Once the line with "this 1000×1500 image." is found, write it out along with every line after it, exactly, up to the last line of the entries below. Exclude pictures.

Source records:

━━━

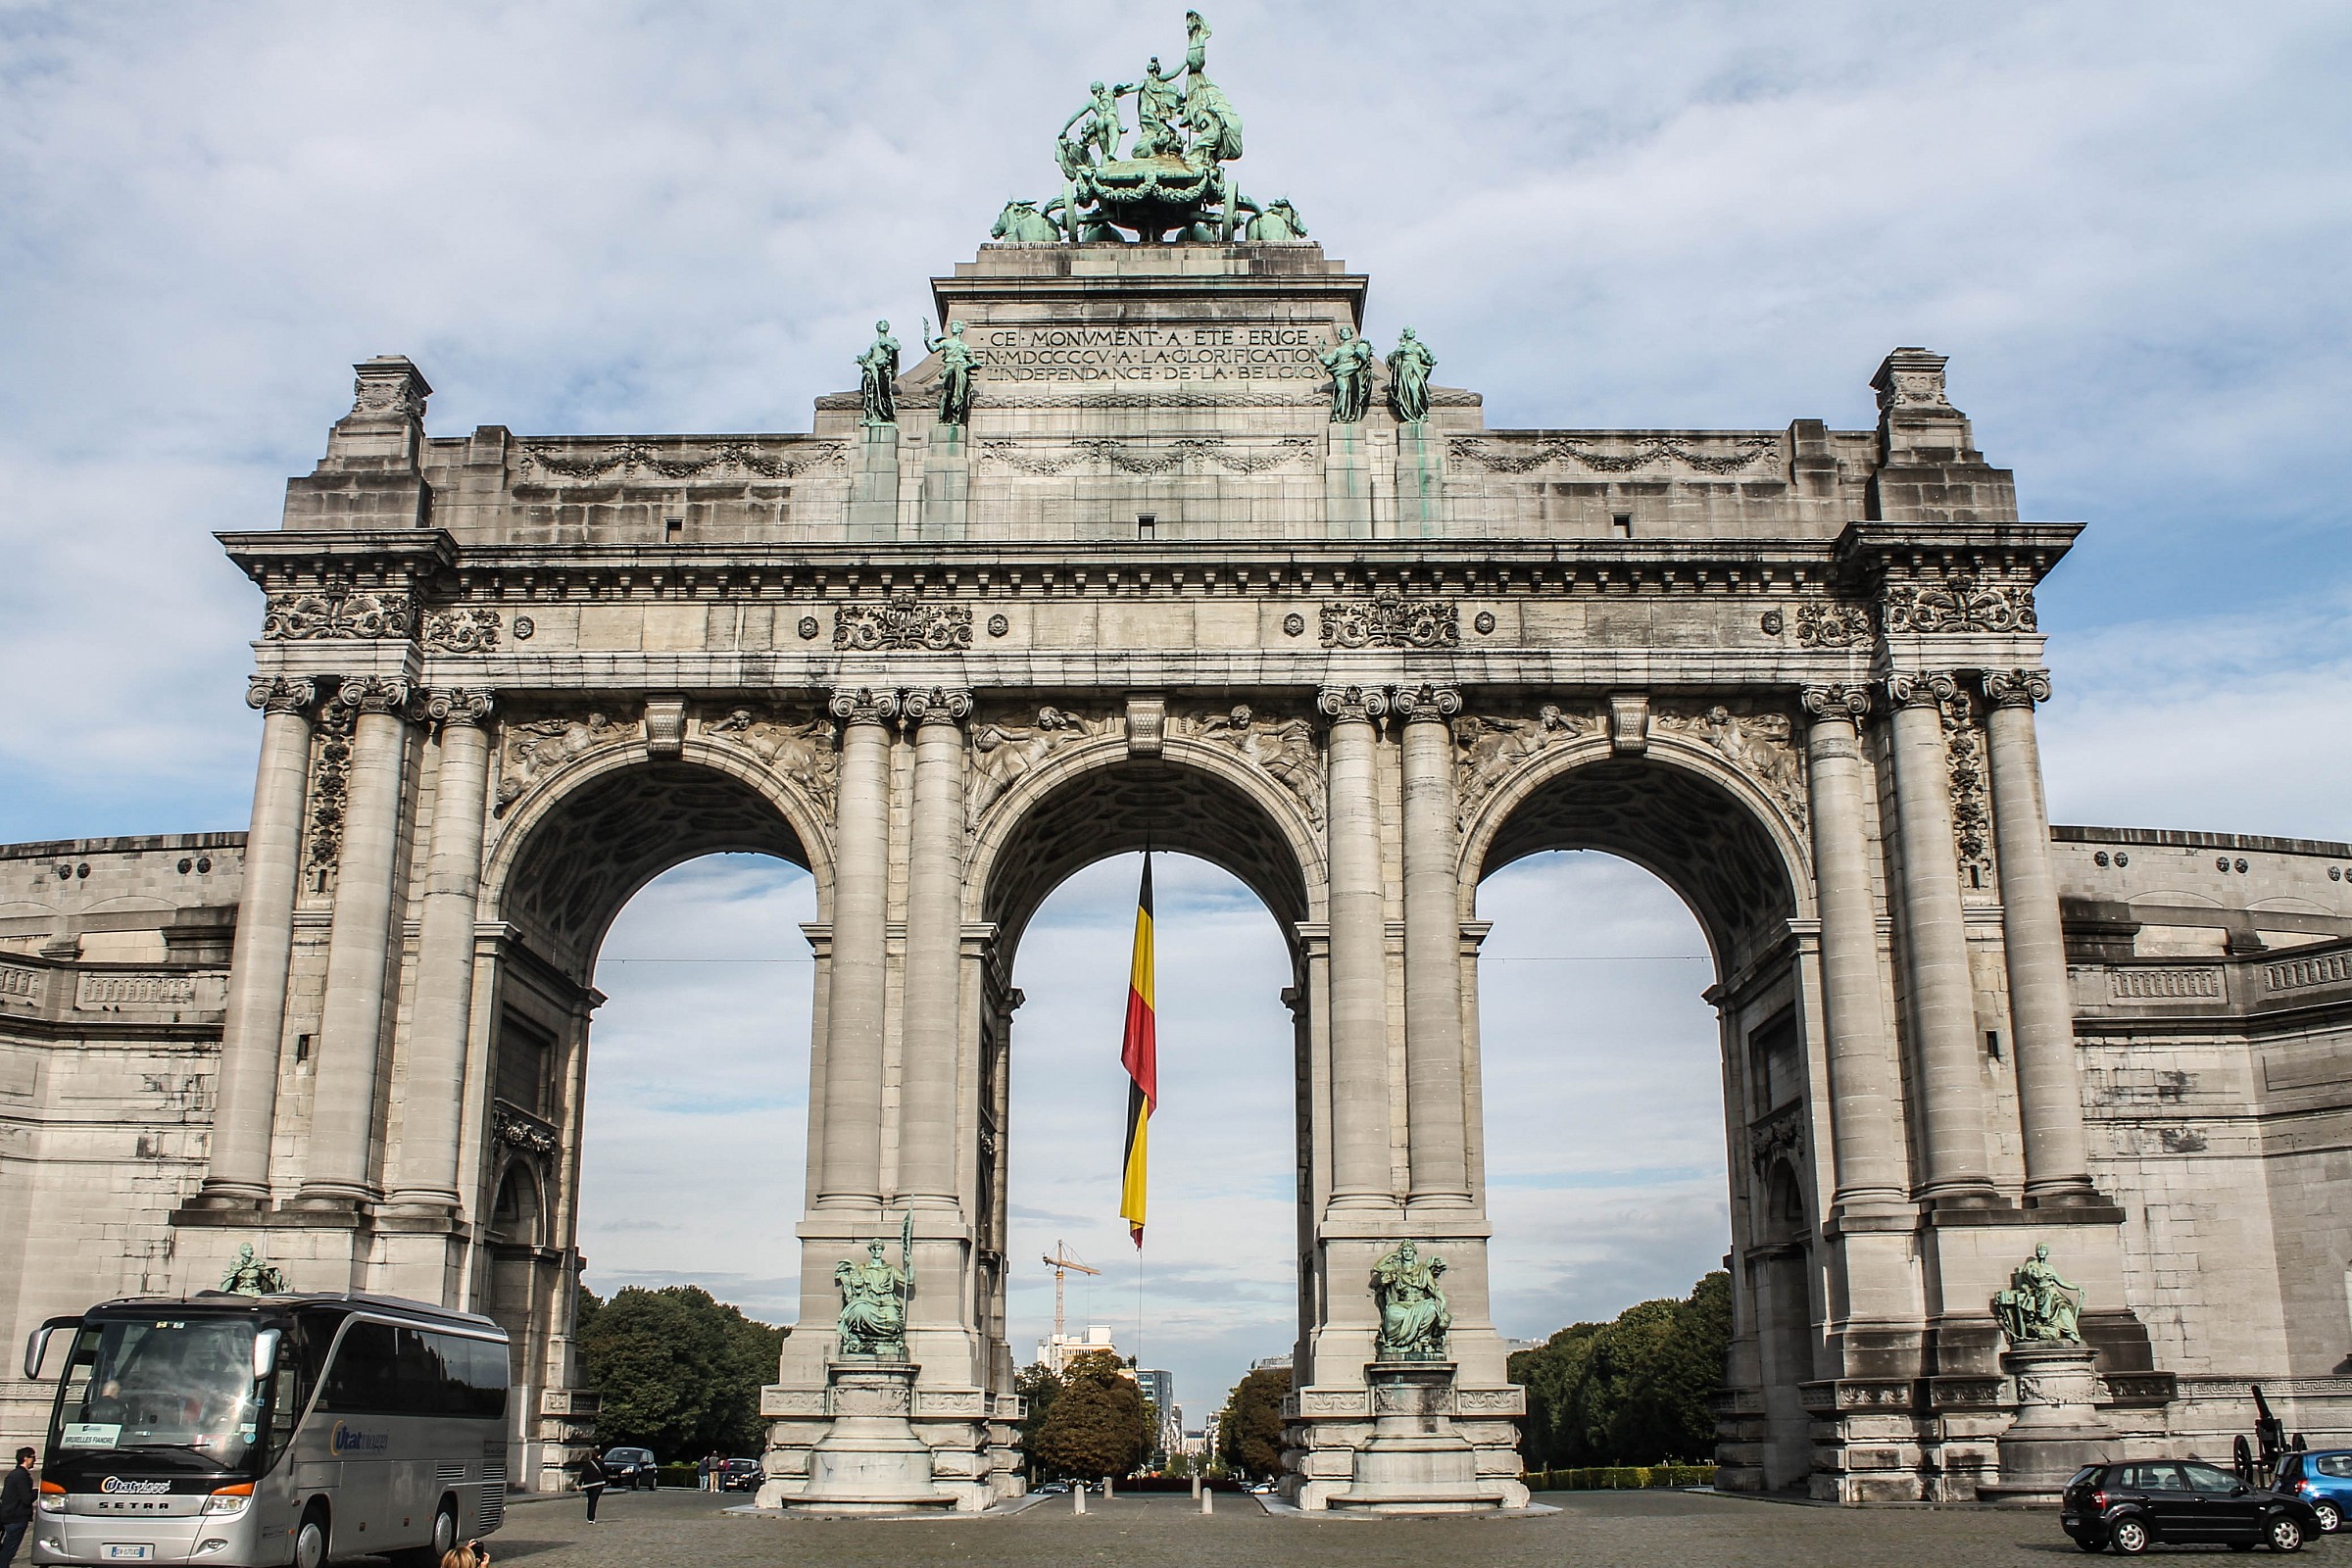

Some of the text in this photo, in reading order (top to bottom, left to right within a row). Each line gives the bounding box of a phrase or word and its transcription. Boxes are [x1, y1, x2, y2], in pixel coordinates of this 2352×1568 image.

[990, 329, 1308, 347] CE MONVMENT A ETE ERIGE
[973, 350, 1000, 365] EN
[1003, 350, 1111, 365] MDCCCCV
[1116, 349, 1133, 364] A
[1142, 349, 1169, 364] LA
[987, 367, 1152, 381] L'INDEPENDANCE
[1163, 367, 1191, 380] DE
[1200, 367, 1228, 380] LA
[1237, 366, 1329, 380] BELGIQV
[98, 1501, 170, 1510] SETRA
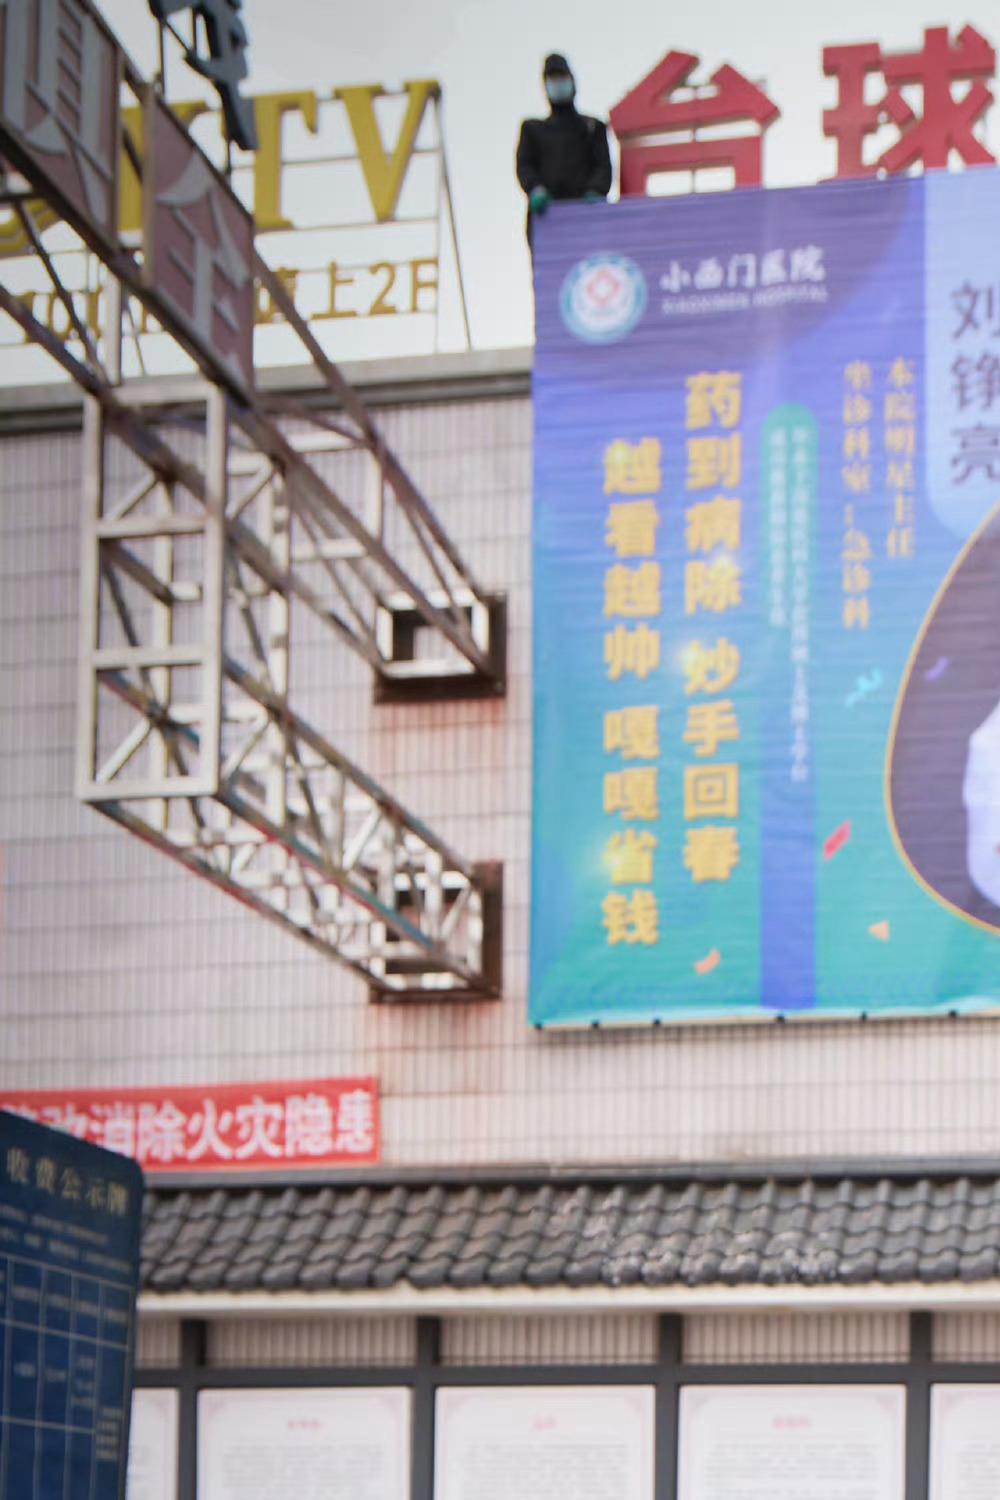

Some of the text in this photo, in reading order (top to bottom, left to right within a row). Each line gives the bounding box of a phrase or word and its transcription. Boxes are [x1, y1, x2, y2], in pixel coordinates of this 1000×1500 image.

[609, 24, 996, 198] 台球
[602, 437, 662, 945] 越看越帅 嘎嘎省钱
[683, 371, 742, 884] 药到病除 妙手回春
[2, 1087, 374, 1163] 消除火灾隐患
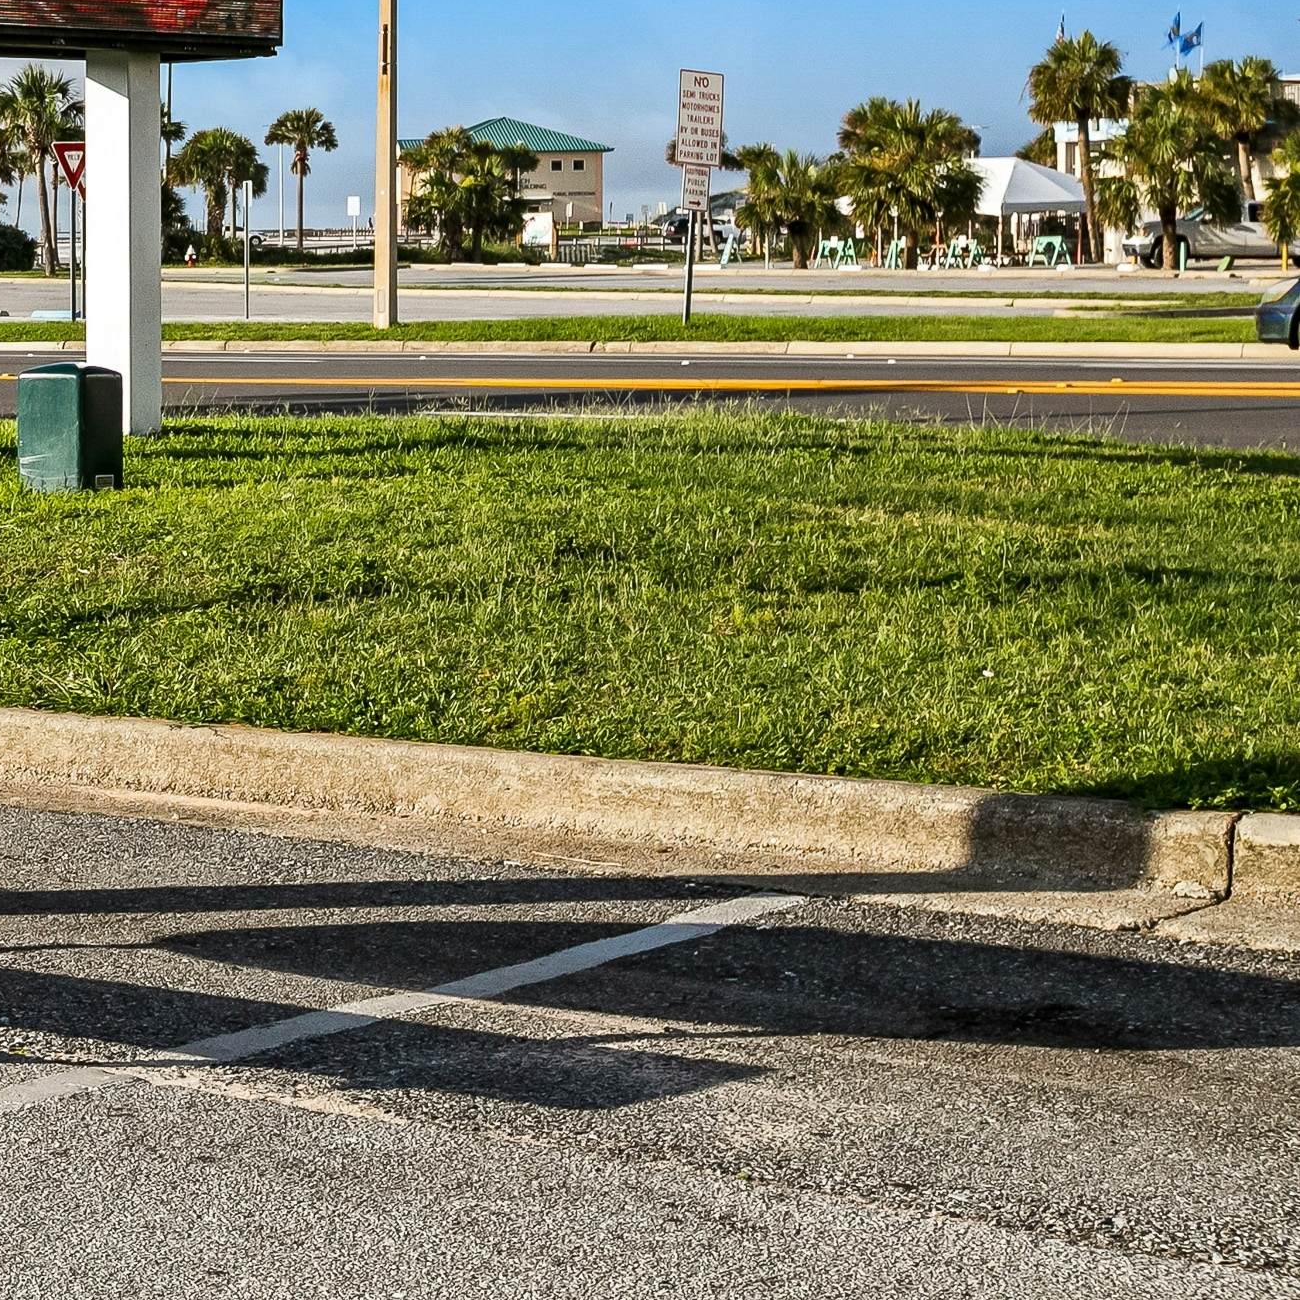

━━━

Exercise output
Some of the text in this photo, in reading order (top to bottom, left to right within a row). Each line gives the bounding box of a phrase or word and its transcription. Boxes are [x1, y1, x2, y2], in pixel coordinates of this 1000×1500 image.

[609, 24, 996, 198] 台球
[602, 437, 662, 945] 越看越帅 嘎嘎省钱
[683, 371, 742, 884] 药到病除 妙手回春
[2, 1087, 374, 1163] 消除火灾隐患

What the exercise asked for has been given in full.